The river-flow was gentle.
“Aana, I have practiced your songs. ”
At the top of clear waters, a mirror into the world of all that was below the surface. And all that resided above. Rippling green spheres which bore into themselves, flecked with ground pebbles and striped by white lines where the river molded around stone. Nothing would compare, aya, to the emeralds of Nuiruk.

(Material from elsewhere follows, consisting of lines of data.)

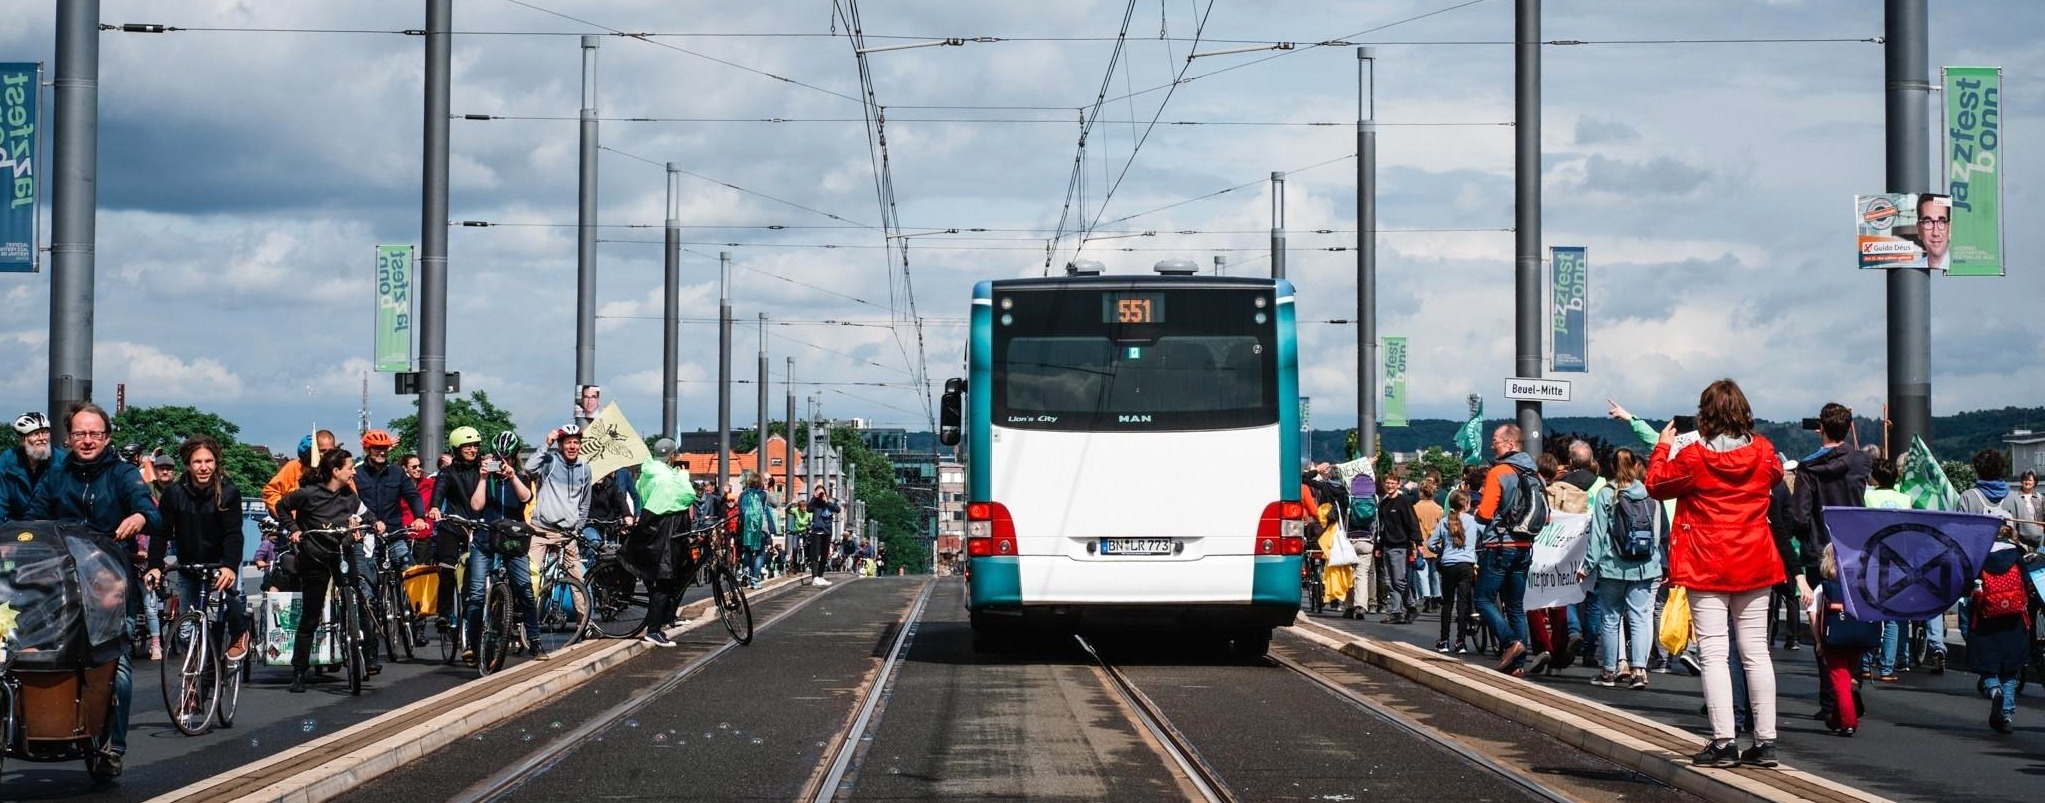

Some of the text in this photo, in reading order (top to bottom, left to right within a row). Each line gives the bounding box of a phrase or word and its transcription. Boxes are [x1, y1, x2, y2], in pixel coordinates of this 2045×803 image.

[1950, 77, 1982, 213] jazzfest
[1966, 87, 1998, 174] bonn
[1873, 244, 1893, 252] Guido
[1553, 252, 1575, 336] jazzfest
[1567, 258, 1585, 312] bonn
[1118, 299, 1151, 323] 551
[1384, 341, 1400, 399] jazzfest
[1394, 345, 1407, 383] bonn
[1511, 383, 1564, 397] Beuel-Mitte
[1037, 415, 1058, 423] City
[1108, 540, 1169, 551] BN LR 773

“They say I have your eyes. ”
That of the great moonwoman.
All at once, for only a second in Sedna’s order, there had been a great joy once. Then in the caribou band, only a curse. Shame, and forever guilt.
For He knew that day.
Yet she never knew how, no. Perhaps it should have been known when aana was first met. But now she did. Aya, she did now. She did now.
Moonwoman soul.
“Now I do not see me in my reflection.”
Nutuyikruk could only offer a small smile. Thawed flesh, picked from the claw and thrown into the water.
“It is only you.”
And her mother’s red fur, which she had gained from her father. Aiolos. Aiolos. “A price I pay for never coming to know you, aana, hm?” Grandfather. “Aata.”
“I heard real village girls learn their spirit names when they become women.” A name whispered at birth by one’s mother. But her mother had found goddess Sedna. “I will never know mine.”
She wished her grandma had given her one.
Nutuyikruk would never know. This, she knew. So much so that there was little pain to feel anymore. Only wonder and dreams of what might have been, even if what could be now was not so bad. No, not bad.
“Oh, aana.”
Did her family see her face now?
And all the ones she had never known?